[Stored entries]
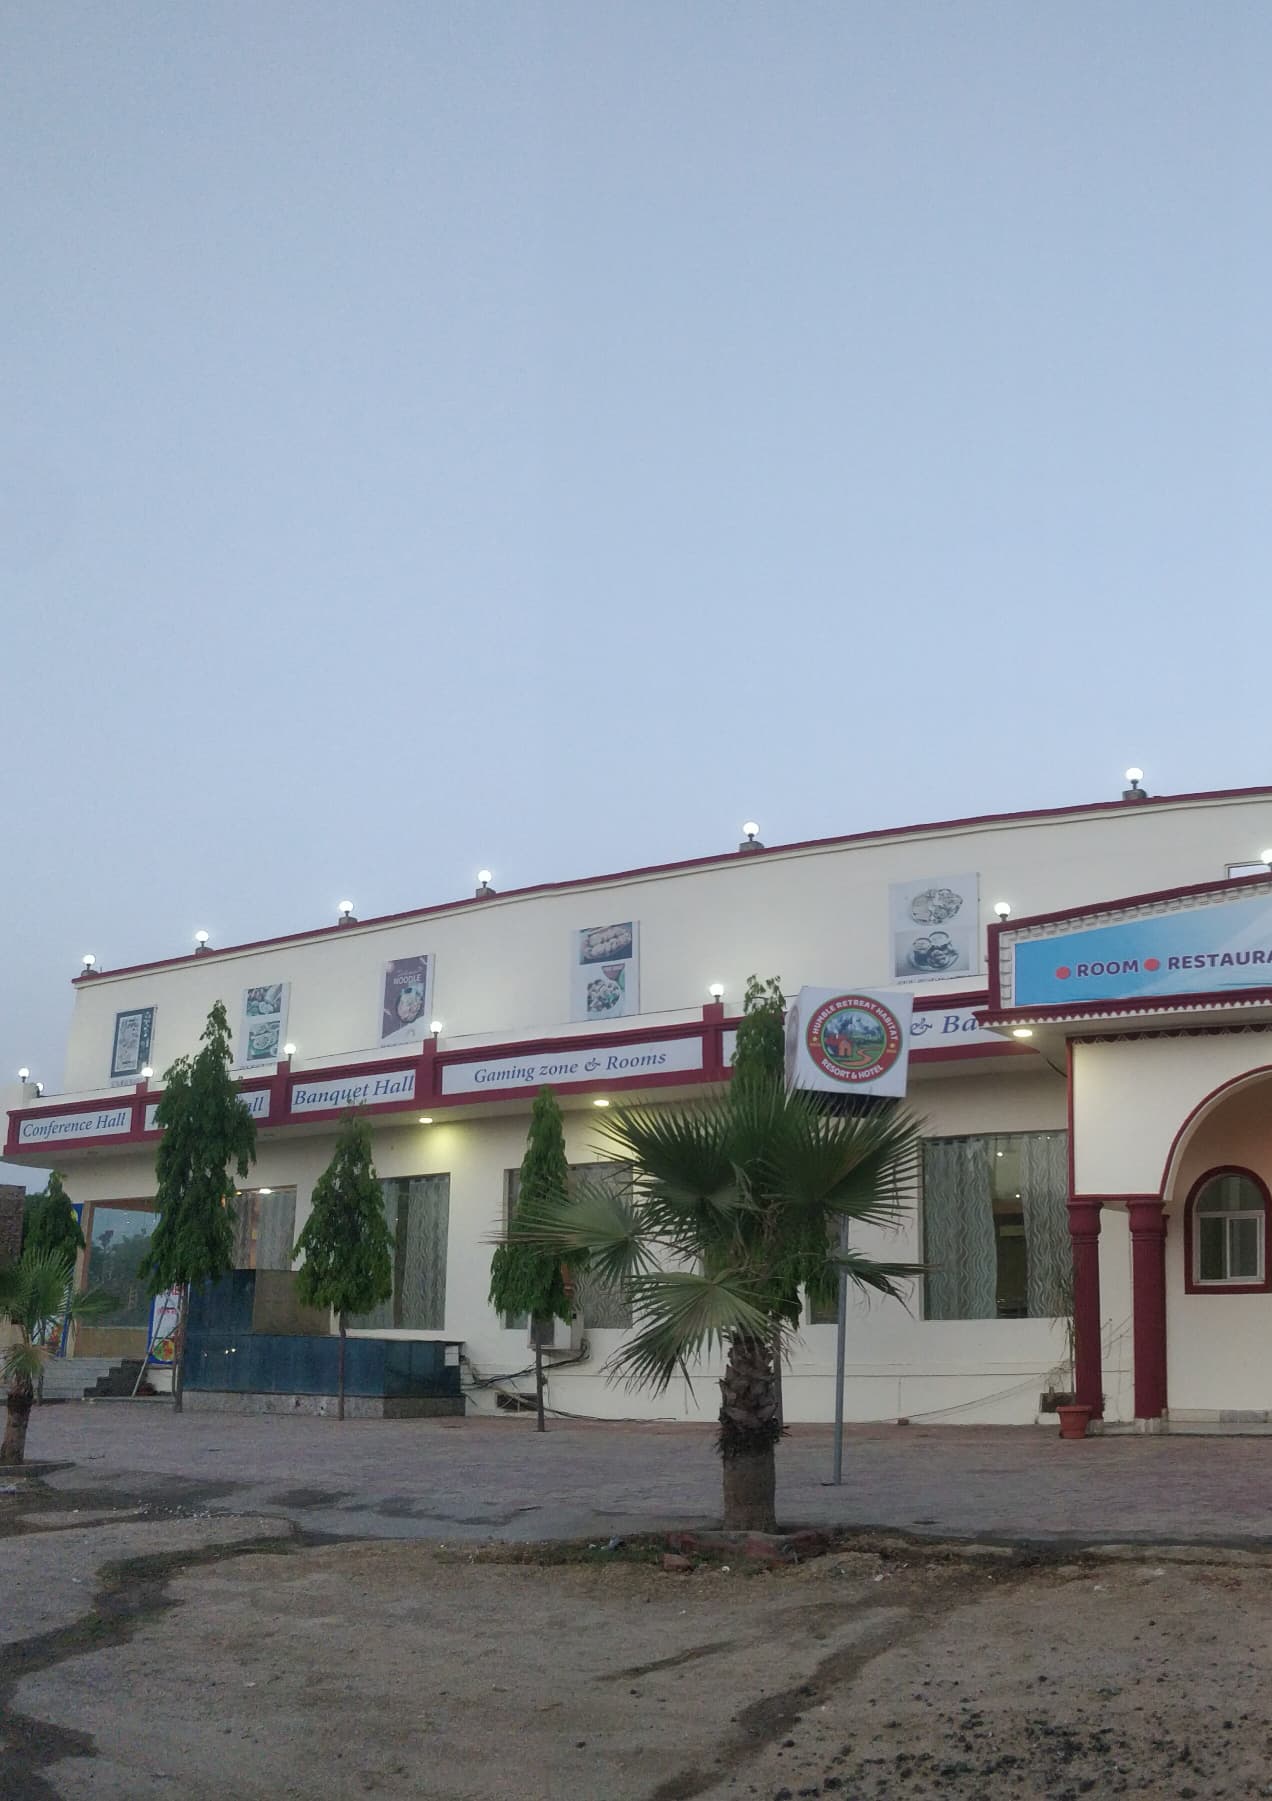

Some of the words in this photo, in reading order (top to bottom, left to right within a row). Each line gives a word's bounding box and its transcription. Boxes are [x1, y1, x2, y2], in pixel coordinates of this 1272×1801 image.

[1076, 959, 1140, 978] ROOM
[812, 1005, 837, 1034] HUMBLE
[836, 999, 877, 1011] RETREAT
[876, 1008, 899, 1040] HABITAT
[909, 1017, 933, 1036] &
[474, 1065, 536, 1084] Gaming
[539, 1062, 577, 1076] zone
[584, 1057, 601, 1072] &
[606, 1051, 667, 1070] Rooms
[821, 1058, 850, 1078] RESORT
[858, 1065, 884, 1079] HOTEL
[294, 1083, 370, 1107] Banquet
[373, 1074, 415, 1096] Hall
[23, 1119, 92, 1139] Conference
[97, 1112, 126, 1130] Hall

**Assignment**
Set down the data above verbatim, omitting every image.

**Task answer**
Some of the words in this photo, in reading order (top to bottom, left to right within a row). Each line gives a word's bounding box and its transcription. Boxes are [x1, y1, x2, y2], in pixel coordinates of this 1272×1801 image.

[1076, 959, 1140, 978] ROOM
[812, 1005, 837, 1034] HUMBLE
[836, 999, 877, 1011] RETREAT
[876, 1008, 899, 1040] HABITAT
[909, 1017, 933, 1036] &
[474, 1065, 536, 1084] Gaming
[539, 1062, 577, 1076] zone
[584, 1057, 601, 1072] &
[606, 1051, 667, 1070] Rooms
[821, 1058, 850, 1078] RESORT
[858, 1065, 884, 1079] HOTEL
[294, 1083, 370, 1107] Banquet
[373, 1074, 415, 1096] Hall
[23, 1119, 92, 1139] Conference
[97, 1112, 126, 1130] Hall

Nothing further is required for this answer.